**Exercise**
Give all of the data below again exactly, and drop the images.

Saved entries
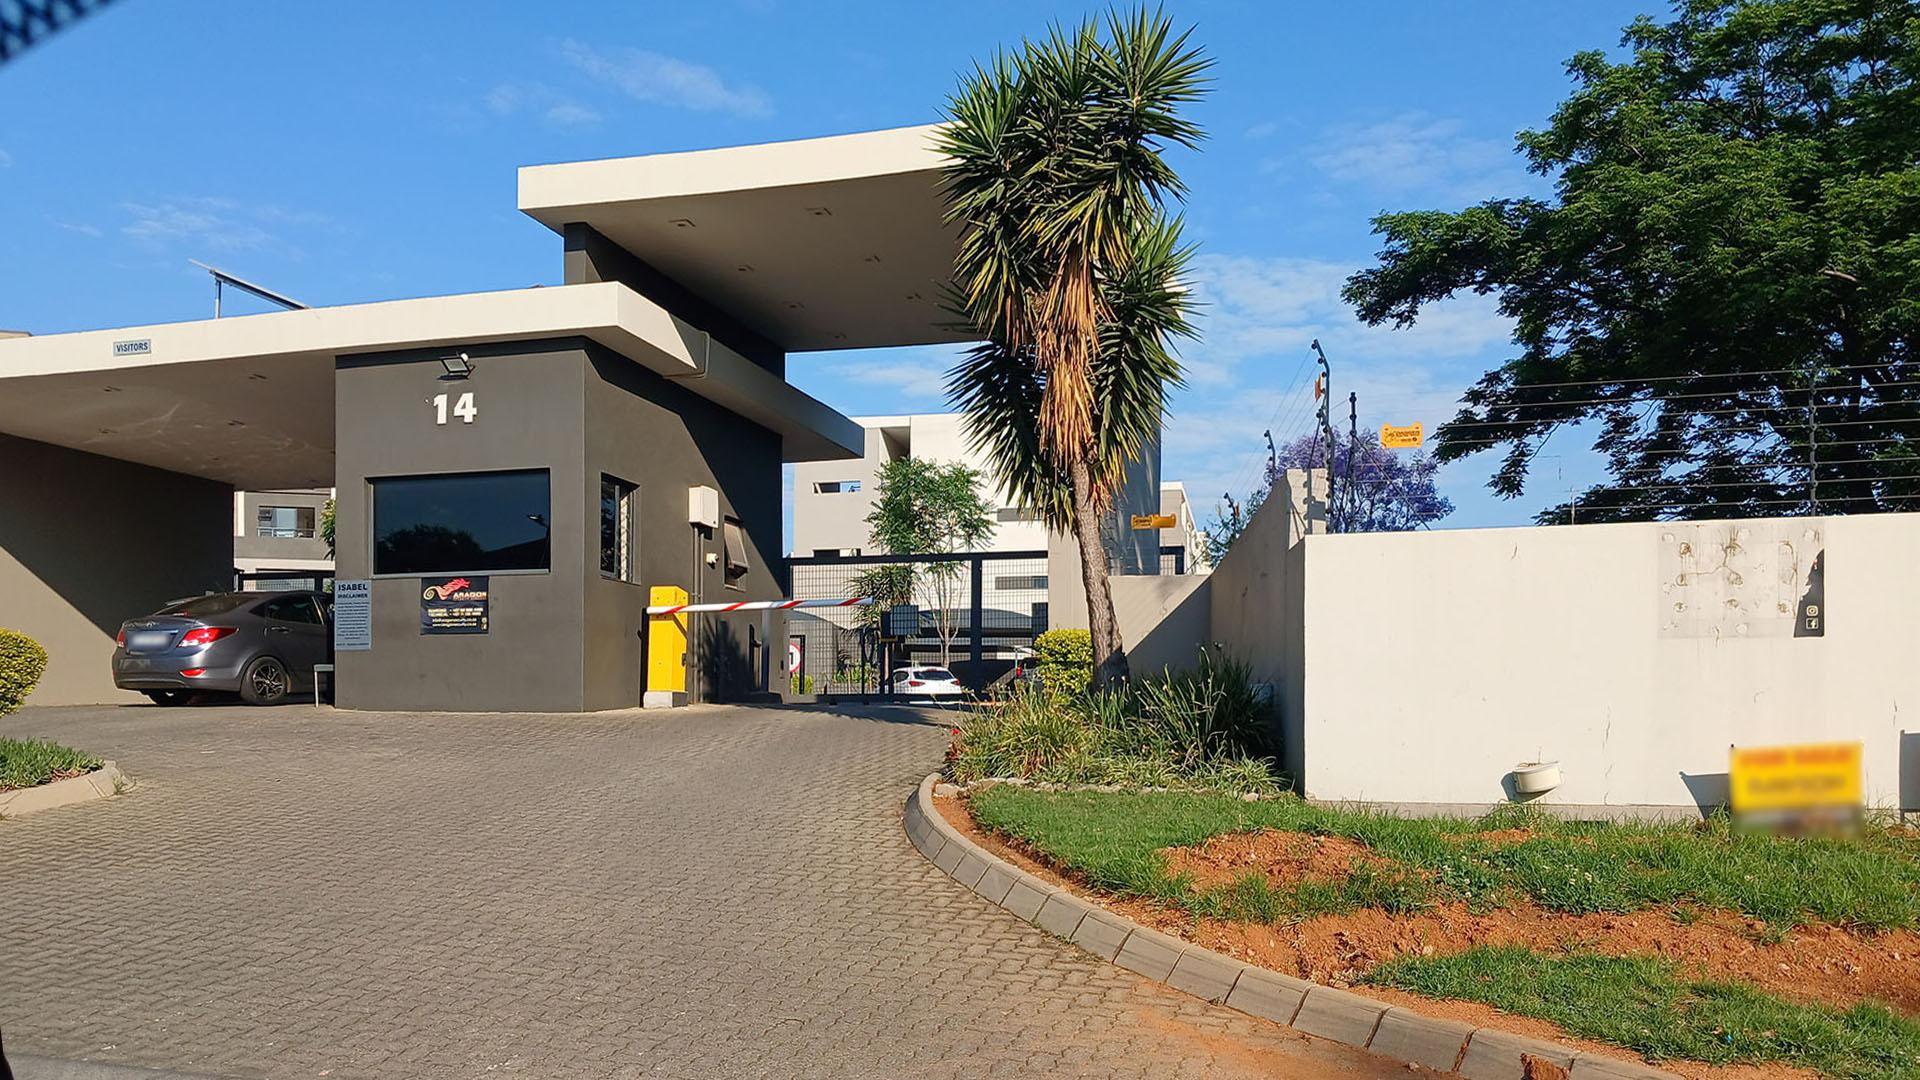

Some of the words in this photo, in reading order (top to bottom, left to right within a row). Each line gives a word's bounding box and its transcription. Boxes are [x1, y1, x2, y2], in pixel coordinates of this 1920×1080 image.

[116, 341, 149, 353] VISITORS
[434, 392, 477, 425] 14
[338, 583, 368, 591] ISABEL
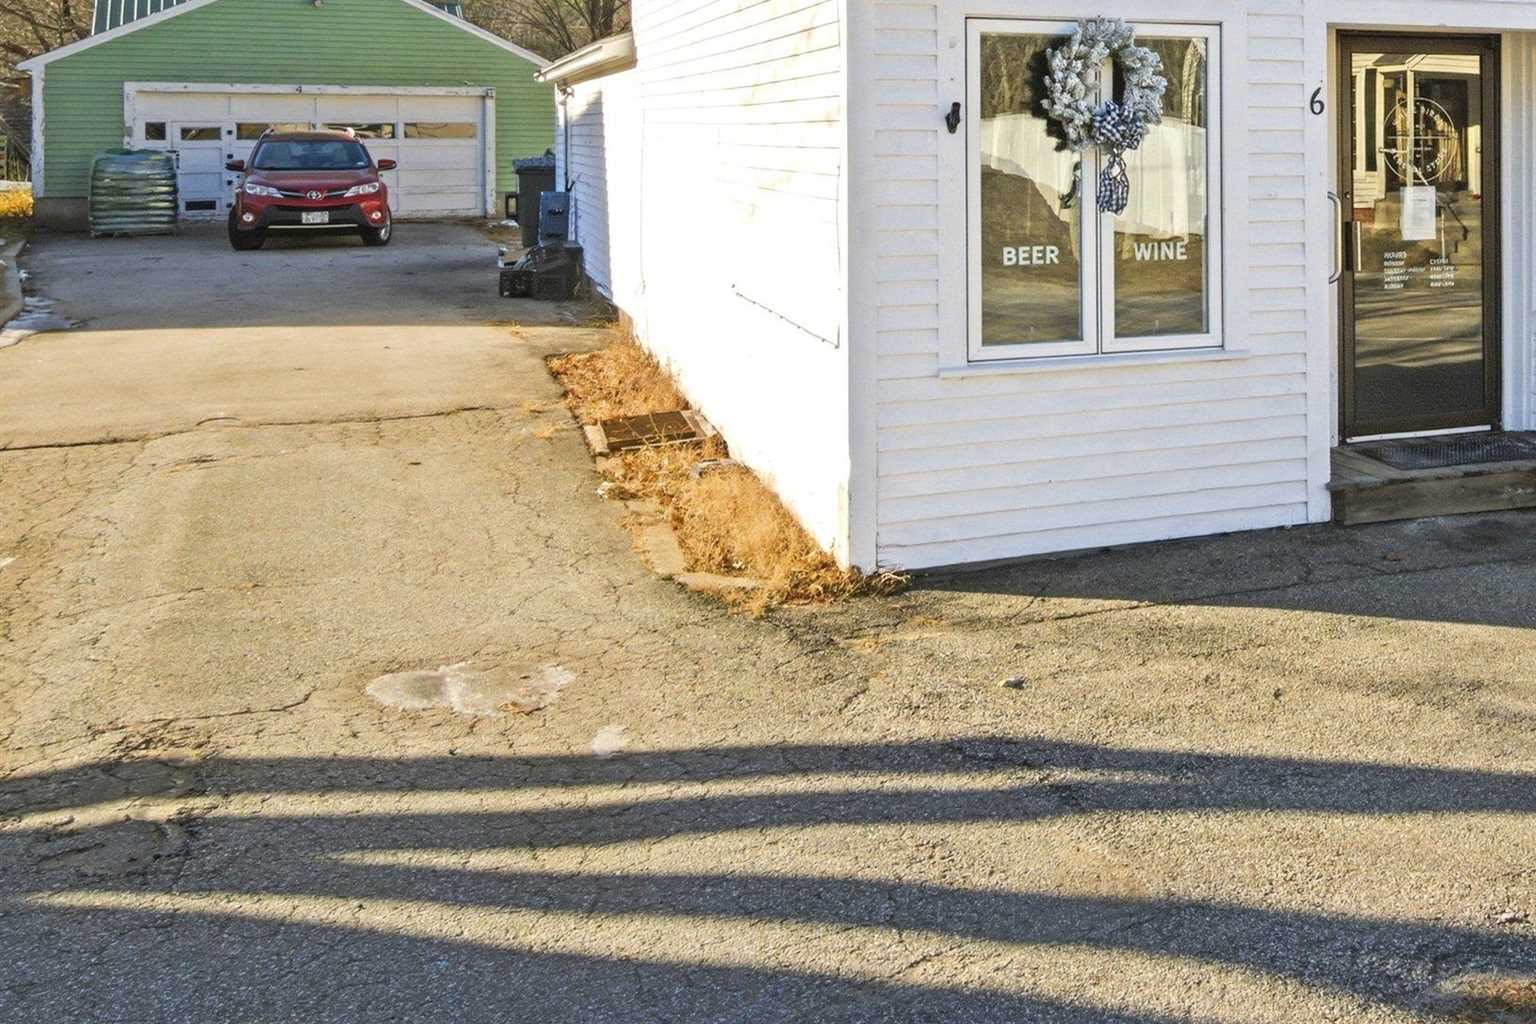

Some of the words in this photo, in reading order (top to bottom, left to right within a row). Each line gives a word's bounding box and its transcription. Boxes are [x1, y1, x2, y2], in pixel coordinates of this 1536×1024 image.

[1309, 86, 1325, 115] 6
[1002, 245, 1060, 266] BEER
[1134, 242, 1188, 261] WINE

**Solved exercise**
Some of the words in this photo, in reading order (top to bottom, left to right within a row). Each line gives a word's bounding box and its transcription. Boxes are [x1, y1, x2, y2], in pixel coordinates of this 1920×1080 image.

[116, 341, 149, 353] VISITORS
[434, 392, 477, 425] 14
[338, 583, 368, 591] ISABEL

Some of the words in this photo, in reading order (top to bottom, left to right within a row). Each line gives a word's bounding box and its transcription. Boxes are [x1, y1, x2, y2], in pixel coordinates of this 1536×1024 image.

[1309, 86, 1325, 115] 6
[1002, 245, 1060, 266] BEER
[1134, 242, 1188, 261] WINE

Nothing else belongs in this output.